> Work task
What you return must be the full listing, word for word, with no images in it.

##########

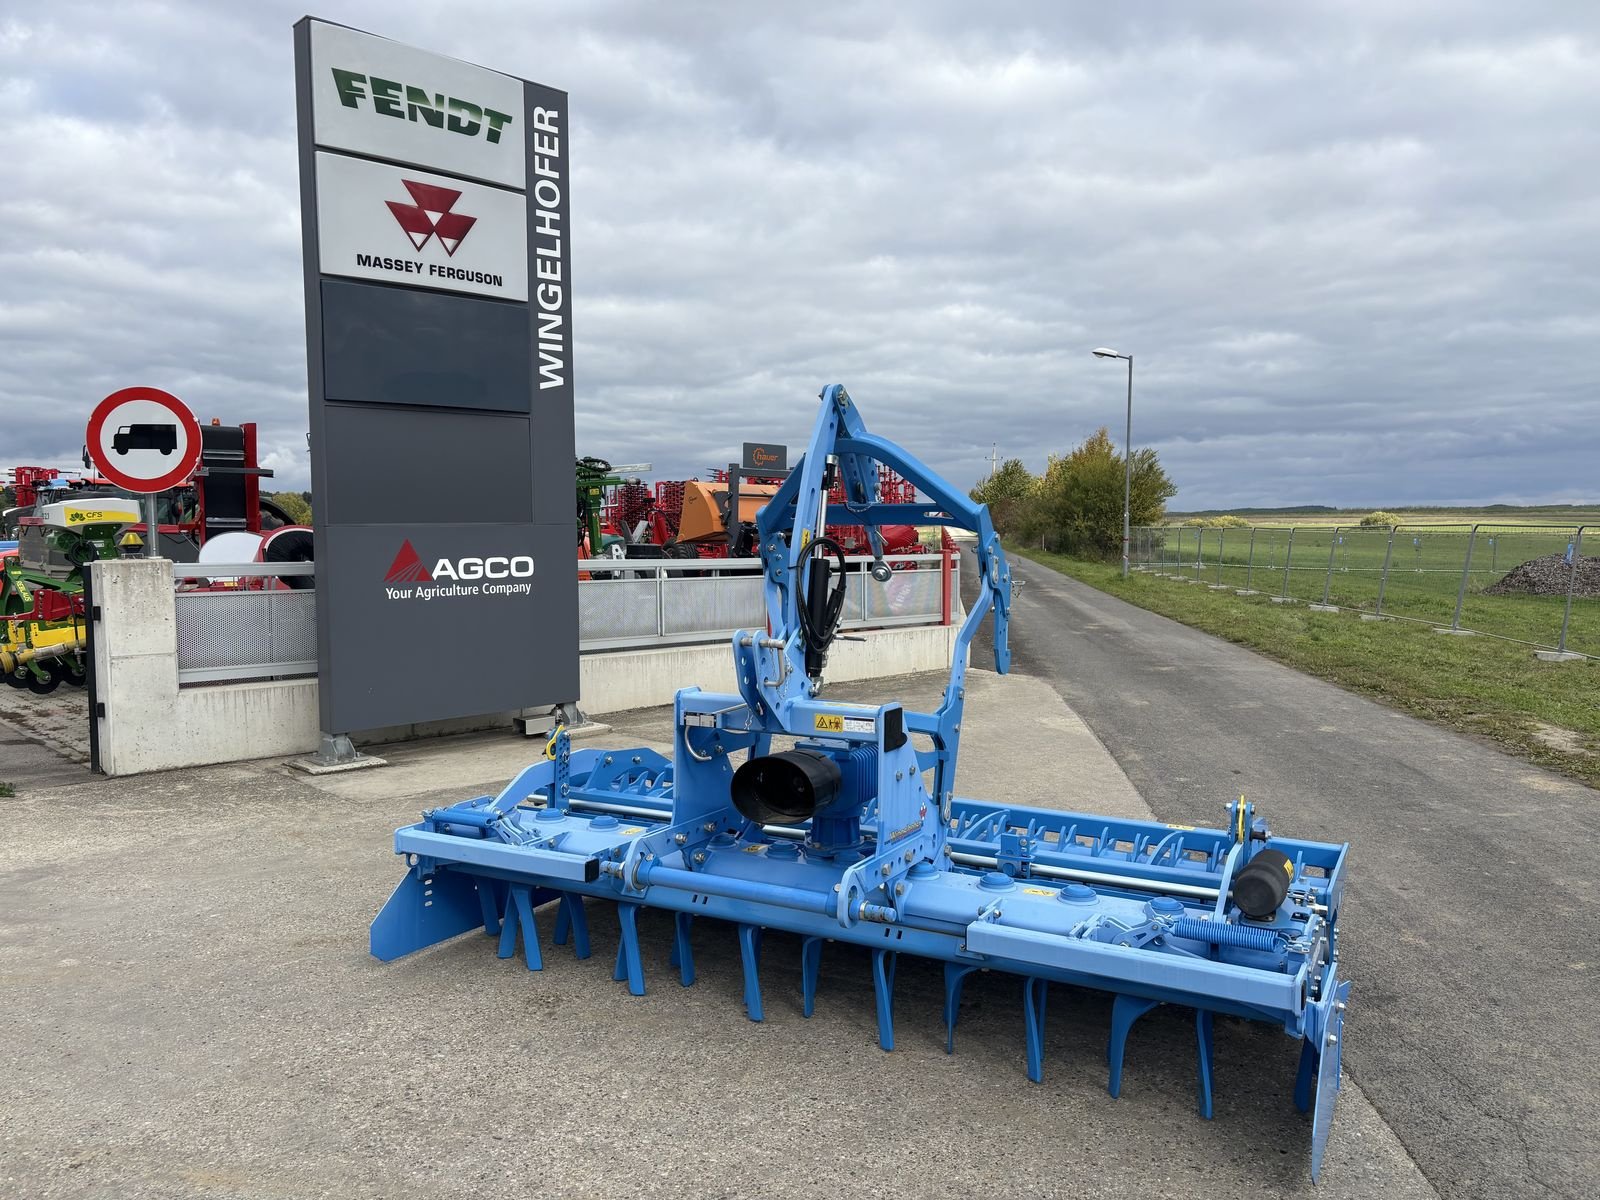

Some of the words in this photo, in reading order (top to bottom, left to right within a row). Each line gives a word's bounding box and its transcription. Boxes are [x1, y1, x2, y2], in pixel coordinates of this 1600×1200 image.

[331, 68, 513, 144] FENDT
[534, 106, 564, 390] WINGELHOFER
[356, 253, 423, 274] MASSEY
[429, 264, 503, 287] FERGUSON
[431, 556, 535, 580] AGCO
[385, 587, 413, 600] Your
[415, 584, 479, 601] Agriculture
[482, 582, 531, 596] Company

##########

> Output of the task
Some of the words in this photo, in reading order (top to bottom, left to right within a row). Each line gives a word's bounding box and its transcription. Boxes are [x1, y1, x2, y2], in pixel coordinates of this 1600×1200 image.

[331, 68, 513, 144] FENDT
[534, 106, 564, 390] WINGELHOFER
[356, 253, 423, 274] MASSEY
[429, 264, 503, 287] FERGUSON
[431, 556, 535, 580] AGCO
[385, 587, 413, 600] Your
[415, 584, 479, 601] Agriculture
[482, 582, 531, 596] Company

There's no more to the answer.